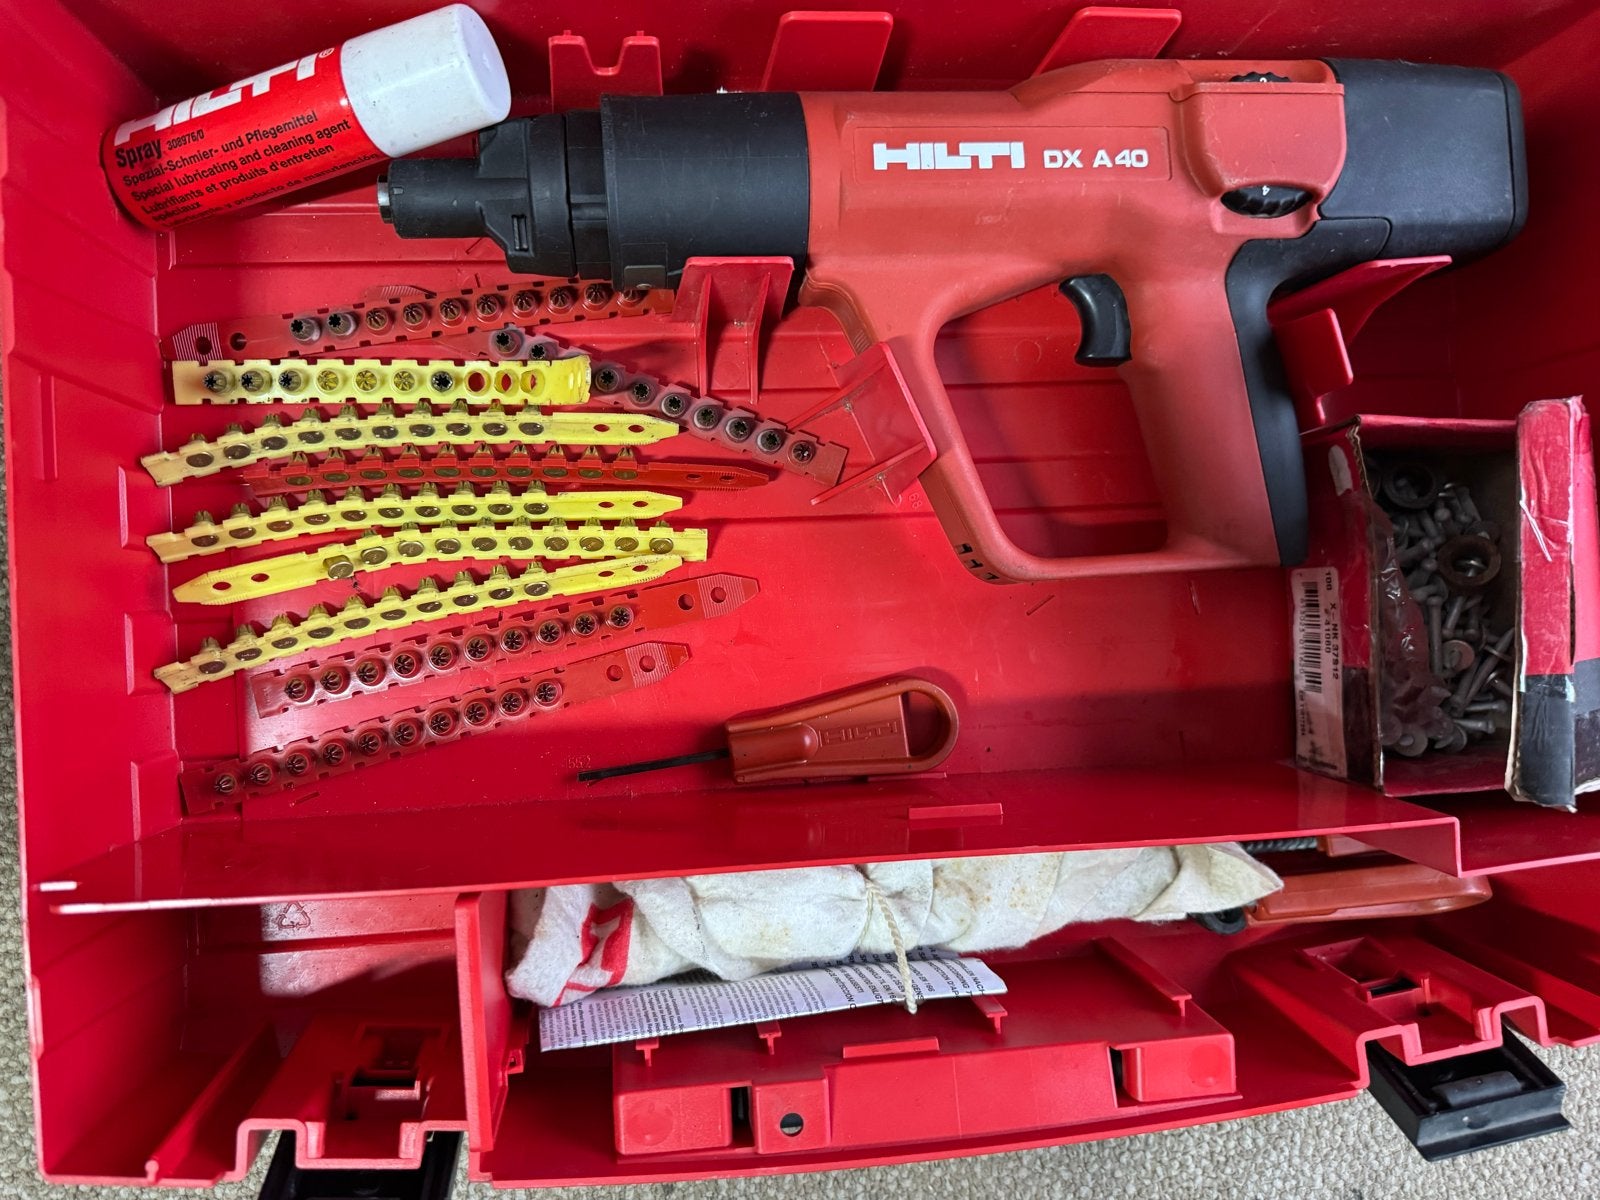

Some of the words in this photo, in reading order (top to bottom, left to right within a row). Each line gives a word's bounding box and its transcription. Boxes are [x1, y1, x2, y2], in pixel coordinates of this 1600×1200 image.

[115, 139, 162, 169] Spray
[123, 147, 219, 187] Spezial-Schmier-
[221, 135, 244, 154] und
[245, 110, 318, 145] Pflegemittel
[131, 179, 175, 202] Special
[174, 161, 239, 188] lubricating
[240, 148, 262, 166] and
[264, 132, 316, 158] cleaning
[316, 119, 352, 141] agent
[873, 141, 1025, 171] HILTI
[1043, 149, 1083, 169] DX
[1092, 149, 1149, 169] A40
[141, 187, 205, 215] Lubrifiants
[205, 182, 217, 195] et
[220, 167, 269, 191] produits
[269, 144, 335, 172] d'entretien
[1325, 571, 1333, 591] 100
[818, 720, 898, 748] HILTI
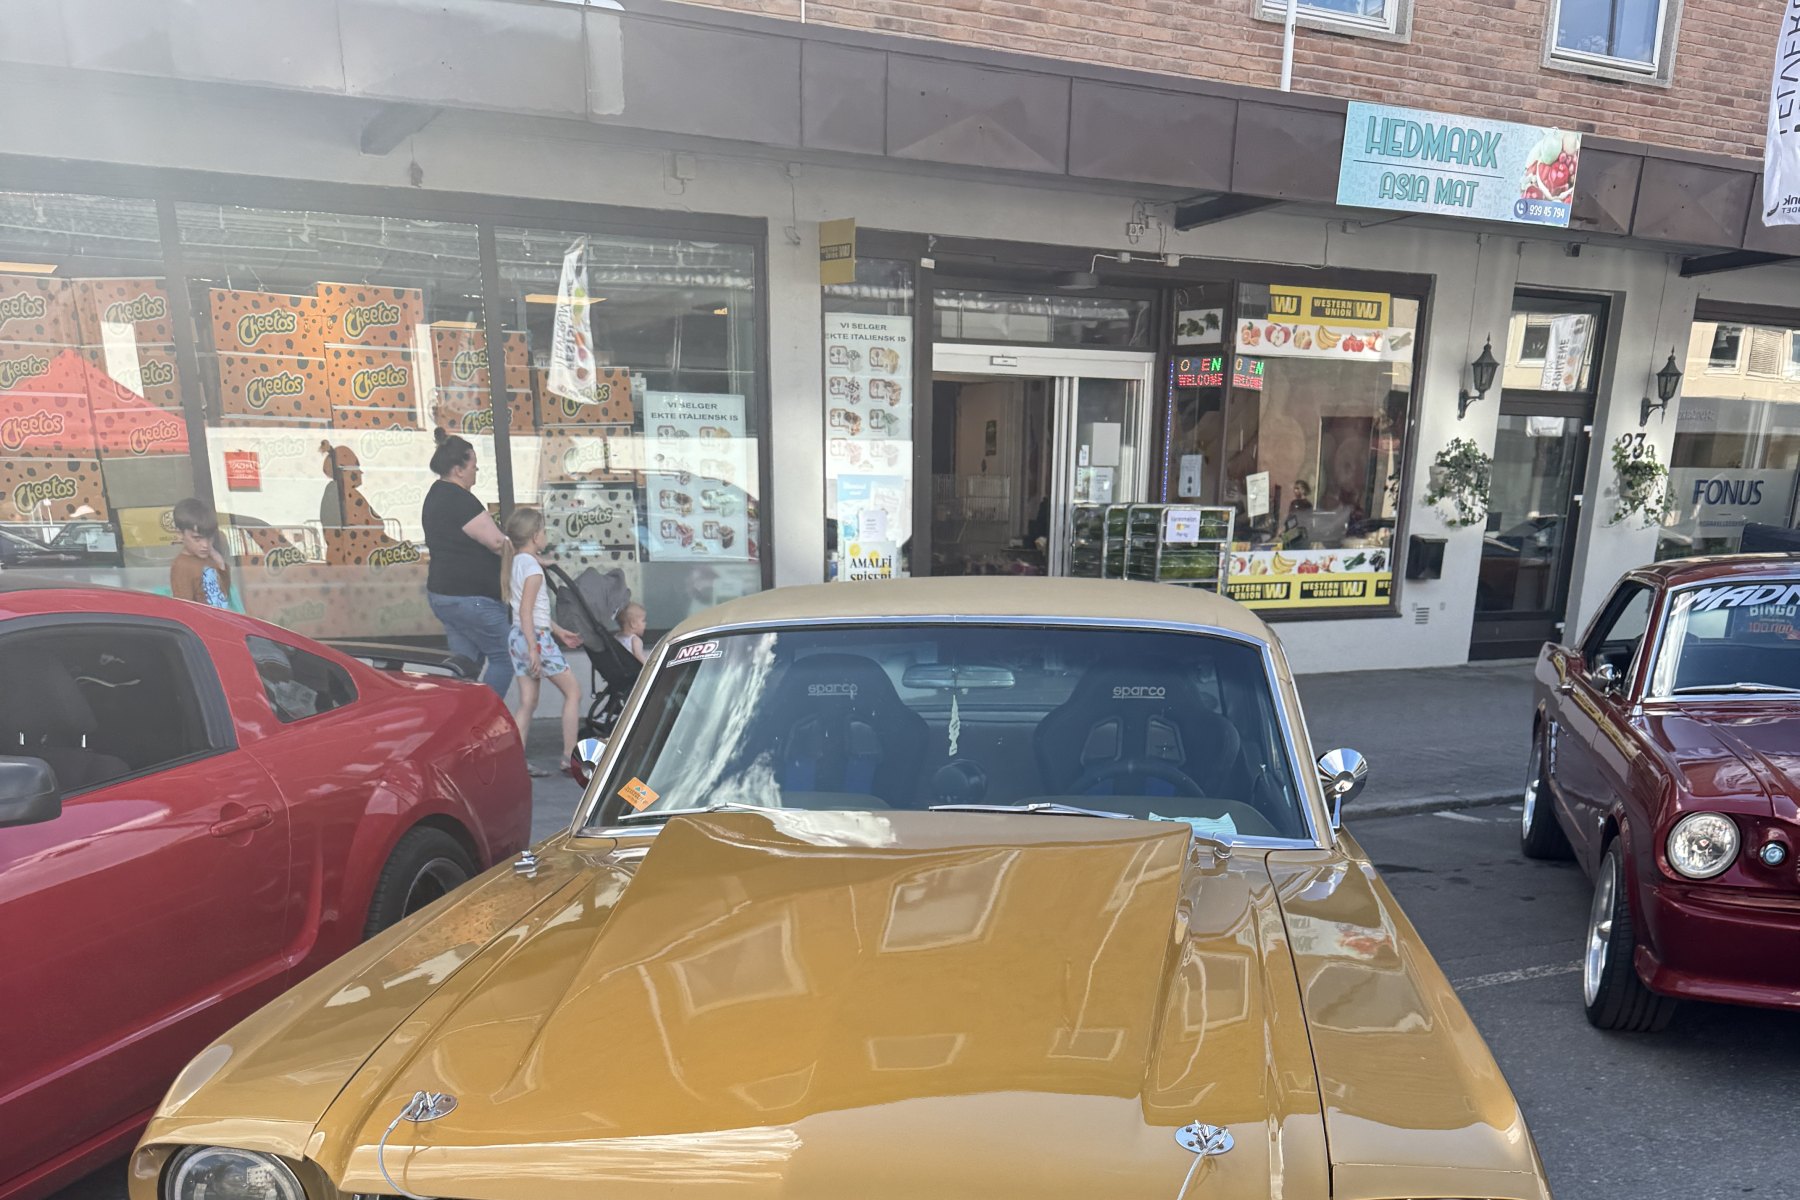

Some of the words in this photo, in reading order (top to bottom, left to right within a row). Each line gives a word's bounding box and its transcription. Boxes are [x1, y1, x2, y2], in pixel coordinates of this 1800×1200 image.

ACTIVITY. Output every record above verbatim, excluding images.

COMPLETED TASK.
Some of the words in this photo, in reading order (top to bottom, left to right within a row). Each line gives a word's bounding box and its transcription. Boxes are [x1, y1, x2, y2], in pixel coordinates of this 1600×1200 image.

[115, 139, 162, 169] Spray
[123, 147, 219, 187] Spezial-Schmier-
[221, 135, 244, 154] und
[245, 110, 318, 145] Pflegemittel
[131, 179, 175, 202] Special
[174, 161, 239, 188] lubricating
[240, 148, 262, 166] and
[264, 132, 316, 158] cleaning
[316, 119, 352, 141] agent
[873, 141, 1025, 171] HILTI
[1043, 149, 1083, 169] DX
[1092, 149, 1149, 169] A40
[141, 187, 205, 215] Lubrifiants
[205, 182, 217, 195] et
[220, 167, 269, 191] produits
[269, 144, 335, 172] d'entretien
[1325, 571, 1333, 591] 100
[818, 720, 898, 748] HILTI

Some of the words in this photo, in reading order (top to bottom, left to right within a row). Each line gives a word's bounding box and its transcription. Boxes are [x1, y1, x2, y2], in pixel coordinates of this 1800×1200 image.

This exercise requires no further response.